Small Gods by Terry Pratchett


If a religion founded on a god is flourishing, but no one believes in the god himself/herself, does the god still exist?

Terry Pratchett, in his characteristic satirical and witty narration, tackles the tough subject of Religion and Faith in this fantastic book, Small Gods, a Discworld novel.

Rather than resorting to plain caricature or mean-spirited mockery, the book manages to distinguish between Belief in God in an elemental/primordial sense versus the Ritualistic Institution of Organized Religion which manages to perpetuate the belief in god as a by-product through dubious practices.

The concept may not be terribly novel: Gods exist as a result of people believing in them ardently. Take away the belief and the gods diminish to nothingness.

But, the handling of this idea is quite refreshing and entertaining in this book. All the more so as it does not seek to undermine any particular popular religion practiced in today's world, but, tries to highlight the human tendency to glorify the superficial while ignoring the basic tenet at the core of any such popular belief system.

And what about the gods themselves? Are they above reproach? Not at all... Pratchett proposes that gods, once ensconced as legitimate and powerful beings, fail to notice the humans who elevated them to the exalted position they luxuriate in, thereby asking to be ignored and forgotten.
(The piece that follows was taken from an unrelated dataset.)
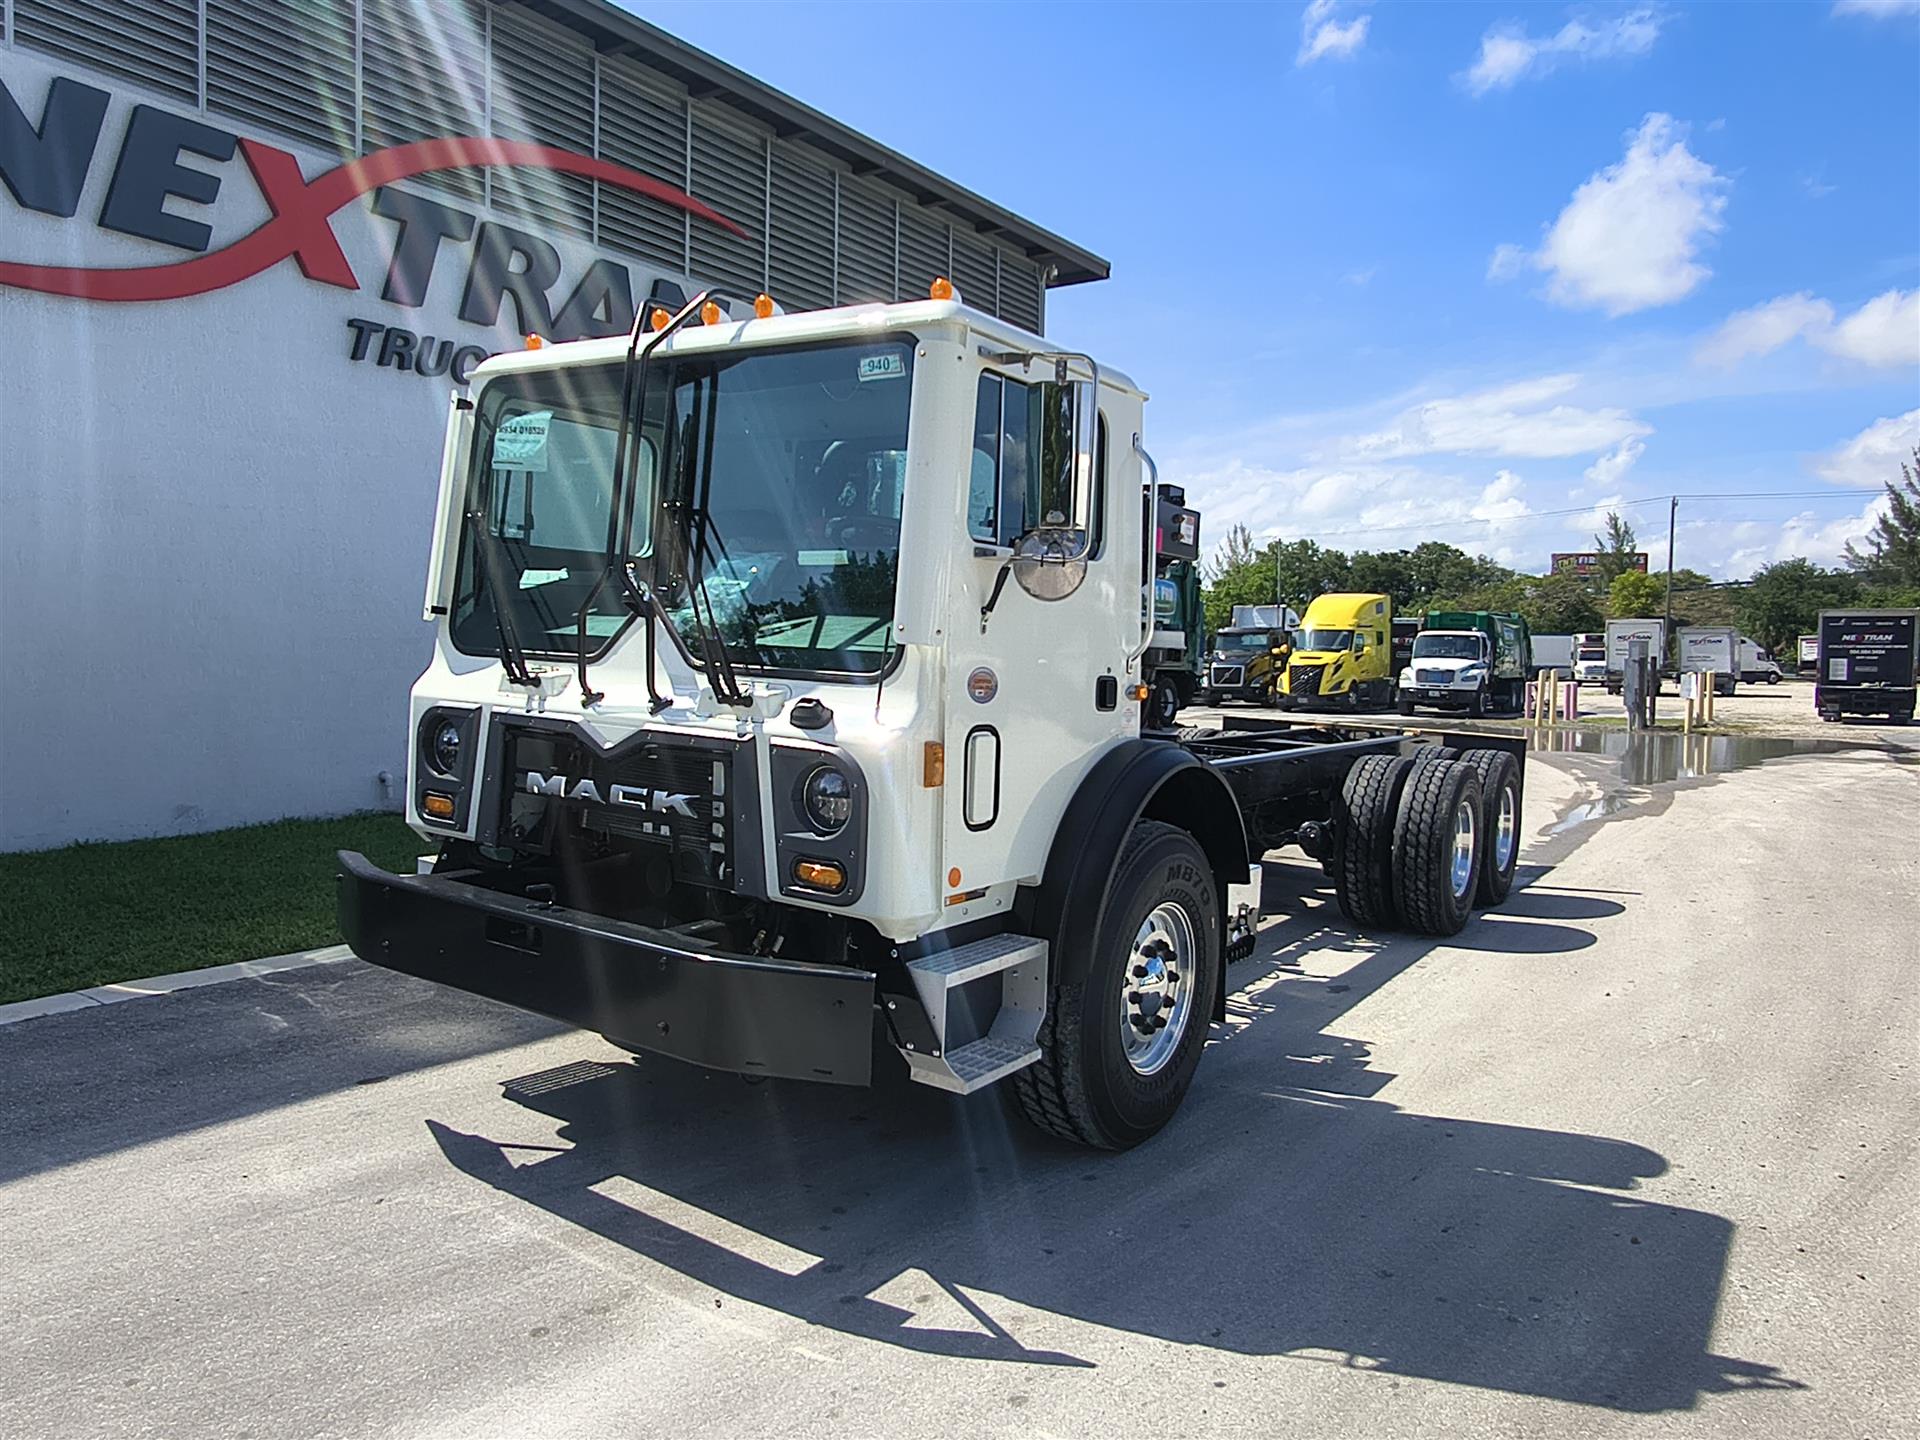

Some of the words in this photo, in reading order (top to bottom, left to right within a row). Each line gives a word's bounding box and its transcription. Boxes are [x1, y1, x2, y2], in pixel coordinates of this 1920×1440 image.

The story opens in Omnia, where the chief god Om was the all-powerful presiding deity once upon a time. Now denigrated to a pathetic existence in the lowly form of a tortoise, Om desperately tries to communicate telepathically with his true believer(s) so he can regain his lost glory.
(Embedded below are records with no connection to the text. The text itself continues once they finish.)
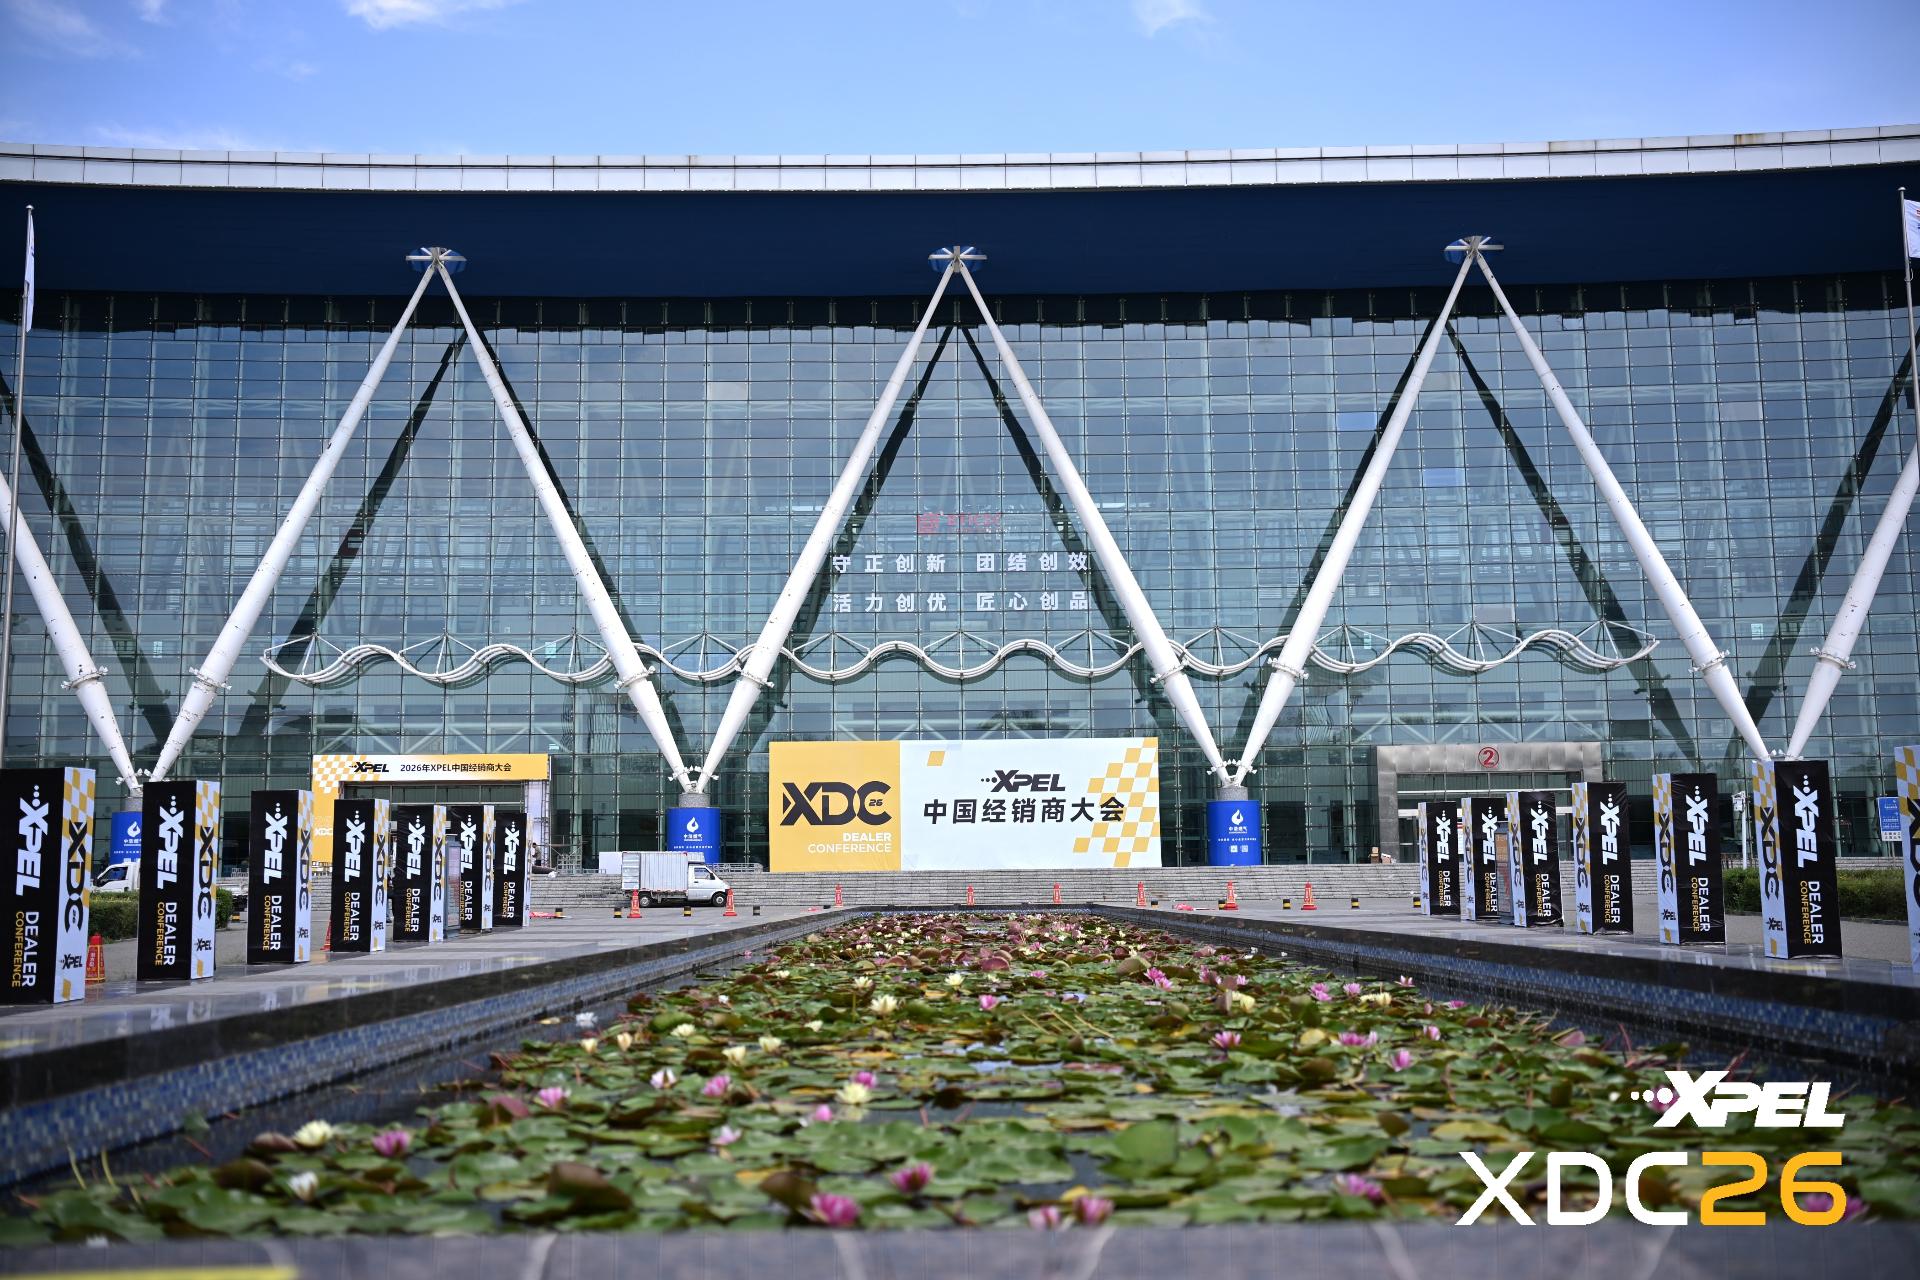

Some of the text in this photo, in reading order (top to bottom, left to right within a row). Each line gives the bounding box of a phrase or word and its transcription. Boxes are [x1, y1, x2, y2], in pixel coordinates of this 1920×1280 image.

[832, 552, 1088, 573] 守正创新 团结创效
[833, 592, 1088, 612] 活力创优 匠心创品
[354, 762, 389, 772] XPEL
[400, 763, 512, 772] 2026年XPEL中国经销商大会
[990, 770, 1065, 792] XPEL
[1483, 750, 1494, 765] 2
[780, 781, 892, 826] XDC
[869, 798, 883, 806] 26
[923, 796, 1125, 825] 中国经销商大会
[1793, 785, 1819, 868] XPEL
[16, 797, 49, 896] XPEL
[157, 806, 184, 889] XPEL
[264, 812, 288, 884] XPEL
[344, 818, 365, 882] XPEL
[407, 822, 425, 879] XPEL
[461, 821, 476, 873] XPEL
[504, 827, 519, 874] XPEL
[808, 843, 891, 853] CONFERENCE
[843, 832, 892, 842] DEALER
[1436, 816, 1450, 863] XPEL
[1482, 813, 1497, 864] XPEL
[1531, 808, 1548, 865] XPEL
[1600, 802, 1620, 864] XPEL
[1658, 813, 1673, 894] XDC
[1686, 794, 1708, 866] XPEL
[1761, 807, 1779, 900] XDC
[65, 822, 87, 933] XDC
[198, 827, 214, 920] XDC
[1442, 870, 1451, 907] DEALER
[1541, 874, 1551, 917] DEALER
[270, 896, 282, 950] DEALER
[349, 892, 360, 941] DEALER
[404, 888, 412, 932] CONFERENCE
[410, 888, 420, 932] DEALER
[507, 882, 515, 918] DEALER
[1610, 875, 1620, 924] DEALER
[1691, 877, 1700, 932] CONFERENCE
[1698, 877, 1710, 932] DEALER
[1768, 917, 1783, 931] XPEL
[1800, 881, 1812, 944] CONFERENCE
[1808, 881, 1823, 944] DEALER
[12, 912, 24, 987] CONFERENCE
[22, 912, 39, 987] DEALER
[155, 902, 164, 966] CONFERENCE
[164, 902, 177, 965] DEALER
[196, 938, 212, 951] XPEL
[61, 955, 82, 969] XPEL
However, the sole true believer who can hear him happens to be a simple lad Brutha, tending a melon patch as a novice monk at the Omnian church.

Om is desperate to escape the fate of the small gods who are doomed to wander in the deserted wastelands with no believers to shape them into divine existence.

Through his association with Brutha, Om learns. Yes, a god, a supposedly all-powerful god, learns fast while facing physical danger and the possibility of losing his sole believer, Brutha.

Om, the god, learns to think like a human and feel like a human, realizing how tenuous his position is with Brutha gradually losing the unshakable belief in Om's benevolence and justice. Om, reduced to the helpless form of a tortoise, learns that human worshipers are not worthless pawns on his chessboard to be toyed with and tossed around, for if he did, he'll soon have nobody to toy with.

Torn between the expectations of the zealous and authoritarian Deacon Vorbis and the revelation by his god Om that he did not originate any of the commandments that Omnian church rules by today, Brutha slowly but surely develops a deeper understanding about his religion and his faith which helps him eventually stand up for his beliefs, against Vorbis, and even stand up to his god Om.

My favorite parts in this book involve the Ephebians: right from the barroom brawl of the Ephebian philosophers over the nature of truth to the pithy statement of Didactylos about Urn's steam machine built to attack evil-doers, except it becomes fuzzy trying to decide who really are the evil-doers: "Hah! He's learning! Everything works both ways!".

Some quotes that absolutely caught my fancy:

In the rain-forests of Brutha's subconscious the butterfly of doubt emerged and flapped an experimental wing, all unaware of what chaos theory has to say about this sort of thing...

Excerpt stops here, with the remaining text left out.